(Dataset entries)
[Start of Attachment]
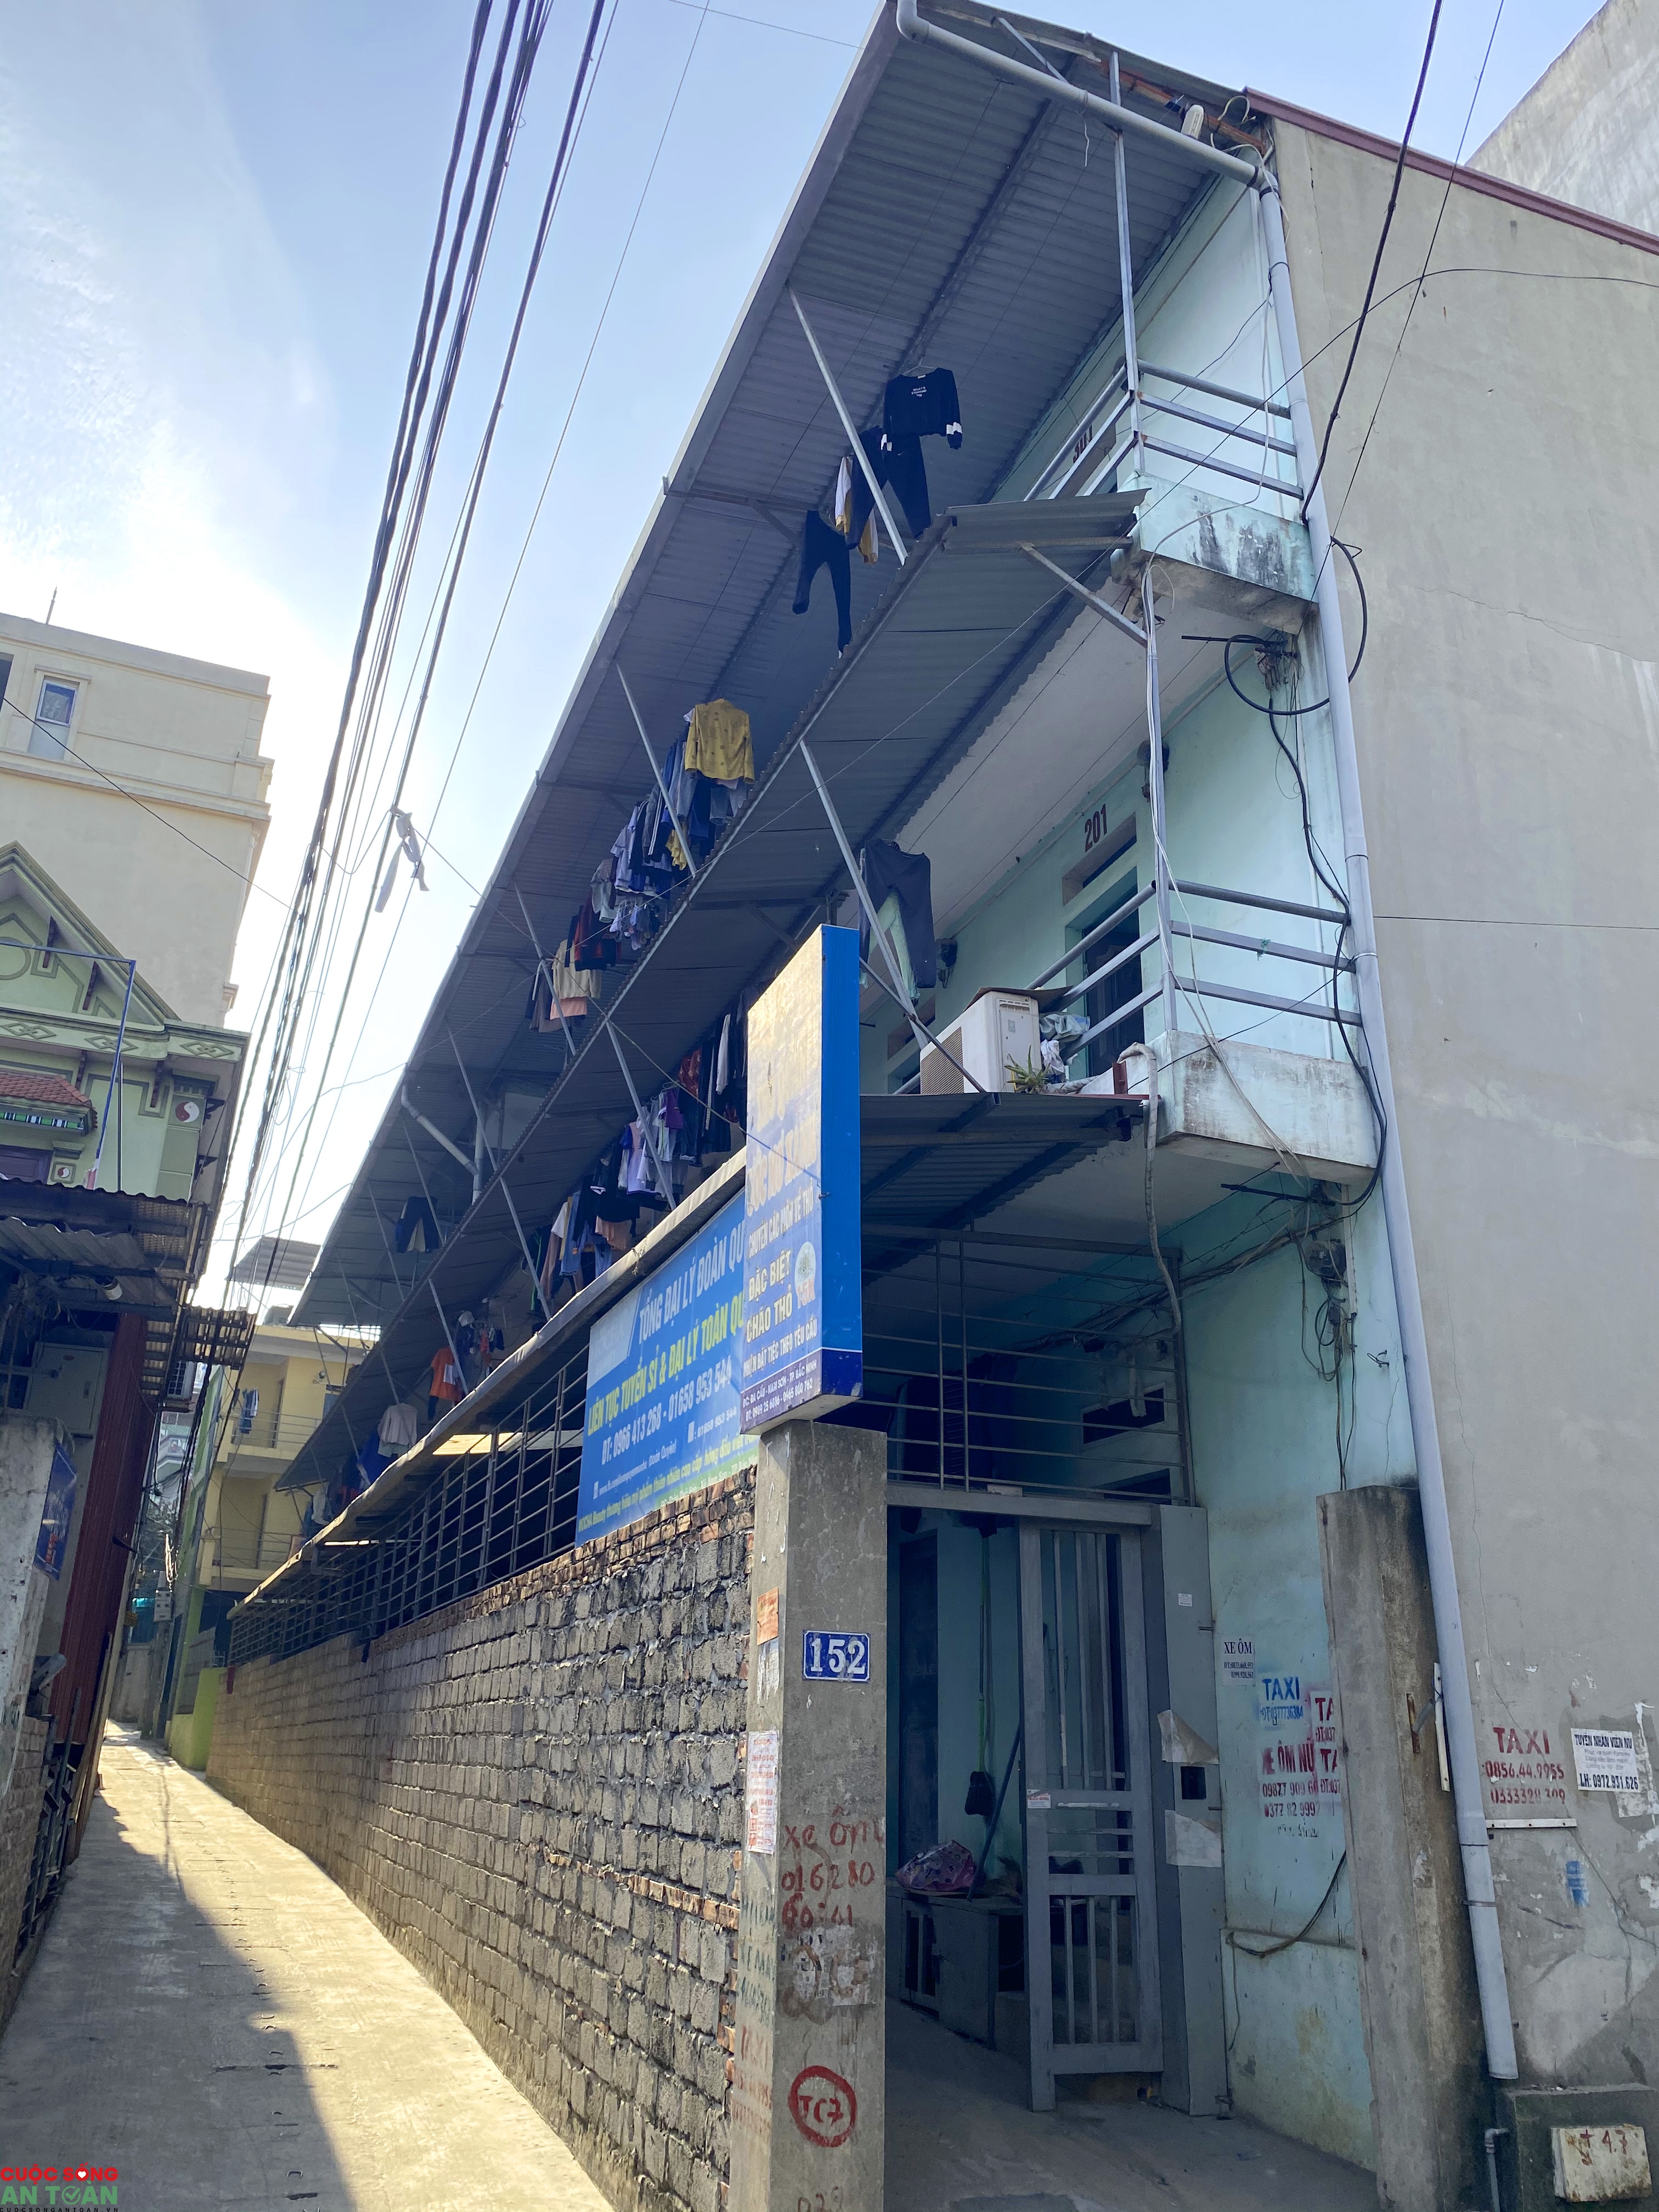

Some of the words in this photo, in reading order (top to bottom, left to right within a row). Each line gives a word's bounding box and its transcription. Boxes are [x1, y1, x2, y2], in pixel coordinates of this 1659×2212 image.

[1085, 804, 1107, 853] 201
[639, 1288, 663, 1344] TỔNG
[664, 1276, 681, 1327] ĐẠI
[682, 1256, 696, 1309] LÝ
[697, 1237, 727, 1297] ĐOÀN
[748, 1267, 767, 1302] ĐẶC
[770, 1249, 791, 1287] BIỆT
[746, 1305, 771, 1343] CHÁO
[774, 1284, 792, 1326] THỎ
[768, 1340, 779, 1365] TIỆC
[780, 1333, 793, 1357] THEO
[794, 1324, 805, 1348] YÊU
[588, 1396, 604, 1436] LIÊN
[605, 1386, 619, 1429] TỤC
[621, 1357, 647, 1412] TUYỂN
[659, 1352, 667, 1385] &
[668, 1336, 685, 1381] ĐẠI
[686, 1318, 699, 1365] LÝ
[701, 1303, 728, 1355] TOÀN
[768, 1382, 777, 1395] NAM
[795, 1363, 805, 1379] BẮC
[805, 1359, 817, 1374] NINH
[804, 1378, 813, 1392] 762
[613, 1424, 630, 1457] 0966
[631, 1413, 646, 1445] 413
[646, 1402, 662, 1437] 268
[668, 1380, 694, 1422] 01658
[696, 1368, 712, 1404] 953
[714, 1355, 732, 1392] 544
[811, 1638, 865, 1674] 152
[1224, 1642, 1235, 1654] XE
[1238, 1638, 1252, 1655] ÔM
[1262, 1677, 1300, 1701] TAXI
[1493, 1727, 1550, 1754] TAXI
[1580, 1773, 1592, 1787] LH:
[End of Attachment]
**THE PROBLEM:**
Write out the entries again, word for word. No images.

**REPLY TO THE EXERCISE:**
Some of the words in this photo, in reading order (top to bottom, left to right within a row). Each line gives a word's bounding box and its transcription. Boxes are [x1, y1, x2, y2], in pixel coordinates of this 1659×2212 image.

[1085, 804, 1107, 853] 201
[639, 1288, 663, 1344] TỔNG
[664, 1276, 681, 1327] ĐẠI
[682, 1256, 696, 1309] LÝ
[697, 1237, 727, 1297] ĐOÀN
[748, 1267, 767, 1302] ĐẶC
[770, 1249, 791, 1287] BIỆT
[746, 1305, 771, 1343] CHÁO
[774, 1284, 792, 1326] THỎ
[768, 1340, 779, 1365] TIỆC
[780, 1333, 793, 1357] THEO
[794, 1324, 805, 1348] YÊU
[588, 1396, 604, 1436] LIÊN
[605, 1386, 619, 1429] TỤC
[621, 1357, 647, 1412] TUYỂN
[659, 1352, 667, 1385] &
[668, 1336, 685, 1381] ĐẠI
[686, 1318, 699, 1365] LÝ
[701, 1303, 728, 1355] TOÀN
[768, 1382, 777, 1395] NAM
[795, 1363, 805, 1379] BẮC
[805, 1359, 817, 1374] NINH
[804, 1378, 813, 1392] 762
[613, 1424, 630, 1457] 0966
[631, 1413, 646, 1445] 413
[646, 1402, 662, 1437] 268
[668, 1380, 694, 1422] 01658
[696, 1368, 712, 1404] 953
[714, 1355, 732, 1392] 544
[811, 1638, 865, 1674] 152
[1224, 1642, 1235, 1654] XE
[1238, 1638, 1252, 1655] ÔM
[1262, 1677, 1300, 1701] TAXI
[1493, 1727, 1550, 1754] TAXI
[1580, 1773, 1592, 1787] LH:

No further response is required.